In lieu of trying to summarize the scientific conversation (frankly, I don’t think I could do justice to some of the intricate and excellent arguments posted by some of the population geneticists) I’ll just leave readers to enjoy the comment threads on their own. Comments are still being posted, and I expect the blog post to be a “living” post-publication review for some time. May the skeletons keep finding a way out!

The importance of wrong

Earlier in this post I admitted to being wrong. I have been wrong many times. Even though I’ve admitted some of my mistakes on this blog and elsewhere in talks, I would like to joke that I’m not going to make it easy for you to find other flaws in my work. That would be a terrible mistake. Saying “I was wrong” is important for science and essential for scientists. Without it people lose trust in both.

I have been particularly concerned with a lack of “I was wrong” in genomics. Unfortunately, there is a culture that has developed among “leaders” in the field where the three words admitting error or wrongdoing are taboo. The recent paper of Lin et al. critiqued by Gilad-Mizrahi is a good example. Leaving aside the question of whether the result in the paper is correct (there are strong indications that it isn’t), Mizrahi-Gilad began their critique on twitter by noting that the authors had completely failed to account for, or even discuss, batch effect. Nobody, and I mean nobody who works on RNA-Seq would imagine for even a femtosecond that this is ok. It was a major oversight and mistake. The authors, any of them really, could have just come out and said “I was wrong”. Instead, the last author on the paper, Mike Snyder, told reporters that “All of the sequencing runs were conducted by the same person using the same reagents, lowering the risk of unintentional bias”. Seriously?
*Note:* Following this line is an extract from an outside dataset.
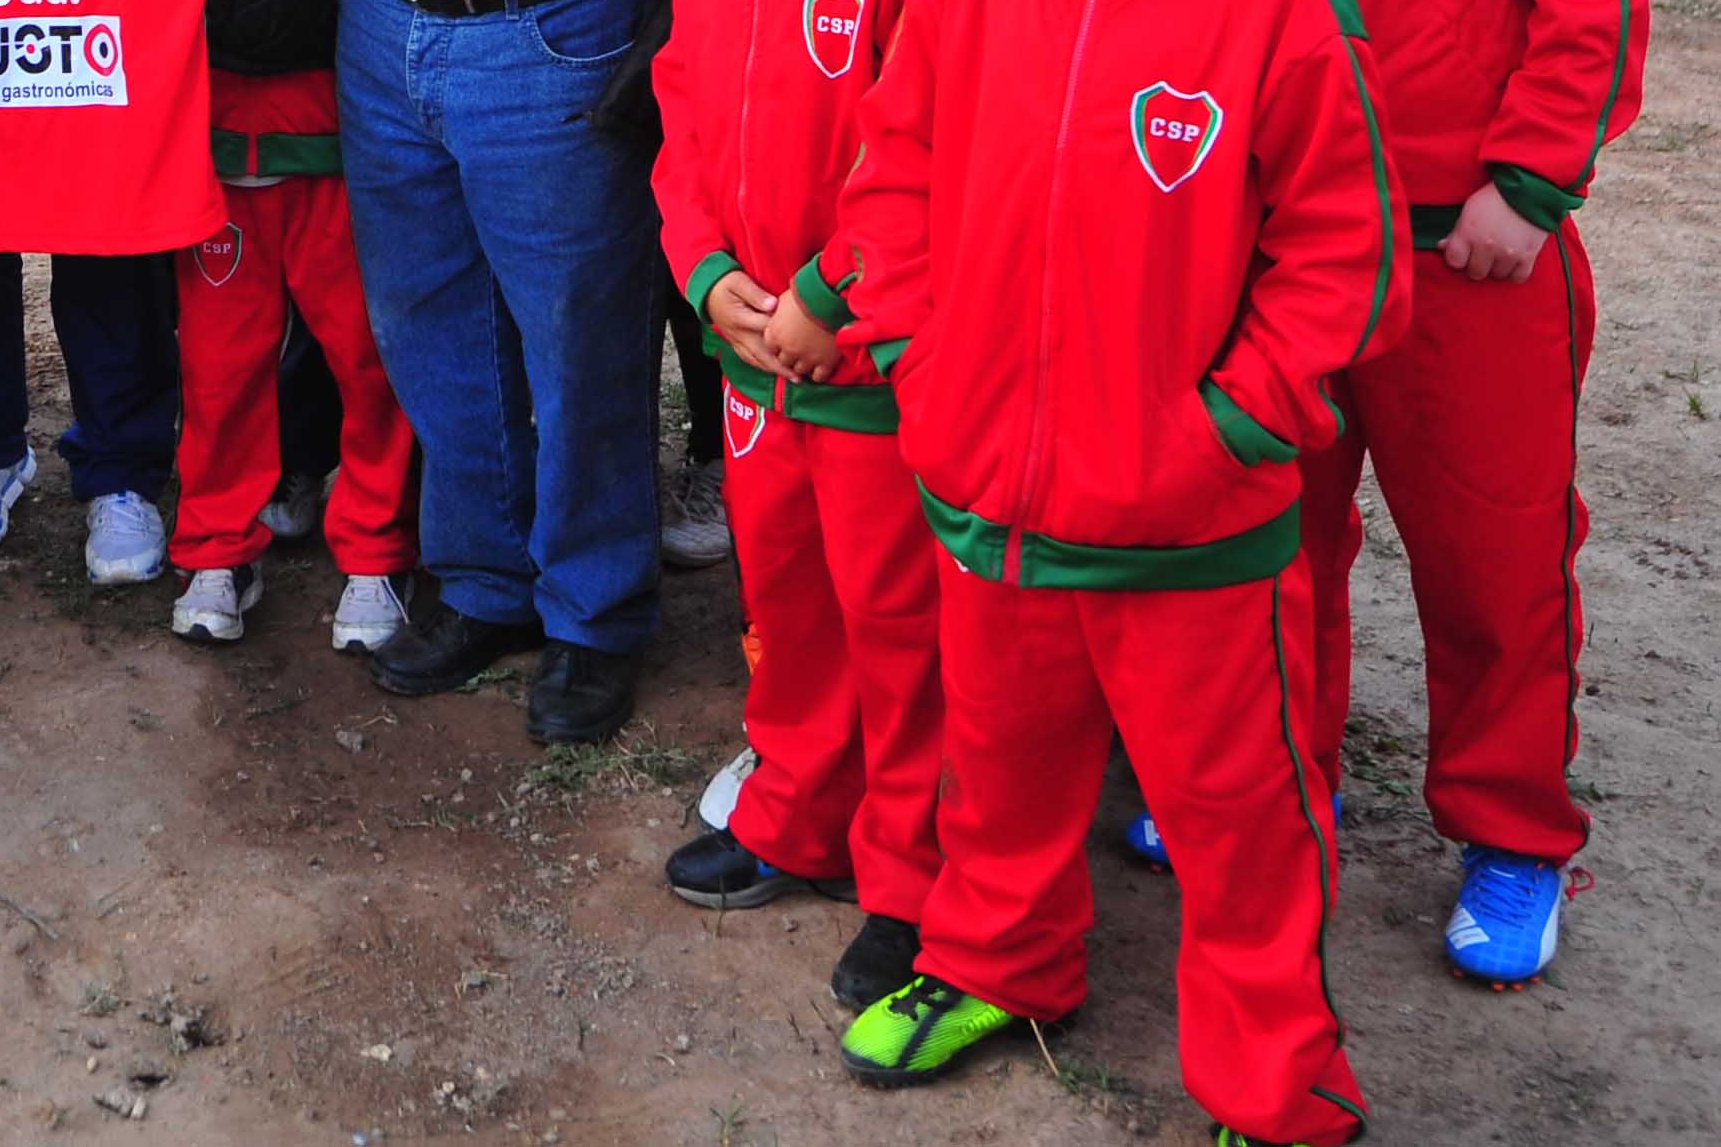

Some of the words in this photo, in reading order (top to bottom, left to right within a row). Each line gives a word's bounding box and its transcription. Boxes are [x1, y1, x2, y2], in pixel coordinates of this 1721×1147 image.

Examples abound. The “ENCODE 80% kerfuffle” involved claims that “80% of the genome is functional”. Any self-respecting geneticist recognizes such headline grabbing as rubbish. Ewan Birney, a distinguished scientist who has had a major impact on genomics having being instrumental in the ENSEMBL project and many other high-profile bioinformatics programs defended the claim on BBC:

“EB: Ah, so, I don’t — It’s interesting to reflect back on this. For me, the big important thing of ENCODE is that we found that a lot of the genome had some kind of biochemical activity. And we do describe that as “biochemical function”, but that word “function” in the phrase “biochemical function”is the thing which gets confusing. If we use the phrase “biochemical activity”, that’s precisely what we did, we find that the different parts of the genome, [??] 80% have some specific biochemical event we can attach to it. I was often asked whether that 80% goes to 100%, and that’s what I believe it will do. So, in other words, that number is much more about the coverage of what we’ve assayed over the entire genome. In the paper, we say quite clearly that the majority of the genome is not under negative selection, and we say that most of the elements are not under pan-mammalian selection. So that’s negative selection we can detect between lots of different mammals. [??] really interesting question about what is precisely going on in the human population, but that’s — you know, I’m much closer to the instincts of this kind of 10% to 20% sort of range about what is under, sort of what evolution cares about under selection.”

This response, and others by members of the ENCODE consortium upset many people who may struggle to tell apart white and gold from blue and black, but certainly know that white is not black and black is not white. Likewise, I suspect the response of KBL to my post disappointed many as well. For Fisher’s sake, why not just acknowledge what is obvious and true?

The personal critique of professional conduct

A conversation topic that emerged as a result of the blog (mostly on other forums) is the role of style in online discussion of science. Specifically, the question of whether personal attacks are legitimate has come up previously on my blog pages and also in conversations I’ve had with people. Here is my opinion on the matter:

Science is practiced by human beings. Just like with any other human activity, some of the humans who practice it are ethical while others are not. Some are kind and generous while others are… not. Occasionally scientists are criminal. Frequently they are honorable. Of particular importance is the fact that most scientists’ behavior is not at any of these extremes, but rather a convex combination of the mentioned attributes and many others.

In science it is people who benefit, or are hurt, by the behavior of scientists. Preprints on the bioRxiv do not collect salaries, the people who write them do. Papers published in journals do not get awarded or rejected tenure, people do. Grants do not get jobs, people do. The behavior of people in science affects… people.

Some argue for a de facto ban on discussing the personal behavior of scientists. I agree that the personal life of scientists is off limits. But their professional life shouldn’t be. When Bernie Madoff fabricated gains of $65 billion it was certainly legitimate to criticize him personally. Imagine if that was taboo, and instead only the technical aspects of his Ponzi scheme were acceptable material for public debate. That would be a terrible idea for the finance industry, and so it should be for science. Science is not special among the professions, and frankly, the people who practice it hold no primacy over others.

I therefore believe it is not only acceptable but imperative to critique the professional behavior of persons who are scientists. I also think that doing so will help eliminate the problematic devil–saint dichotomy that persists with the current system. Having developed a culture in which personal criticism is outlawed in scientific conversations while only science is fair fodder for public discourse, we now have a situation where scientists are all presumed to be living Gods, or else serious criminals to be outlawed and banished from the scientific community. Acknowledging that there ought to be a grey zone, and developing a healthy culture where critique of all aspects of science and scientists is possible and encouraged would relieve a lot of pressure within the current system. It would also be more fair and just.

A final wish

I wish the authors of the KBL paper would publish the reviews of their paper on this blog.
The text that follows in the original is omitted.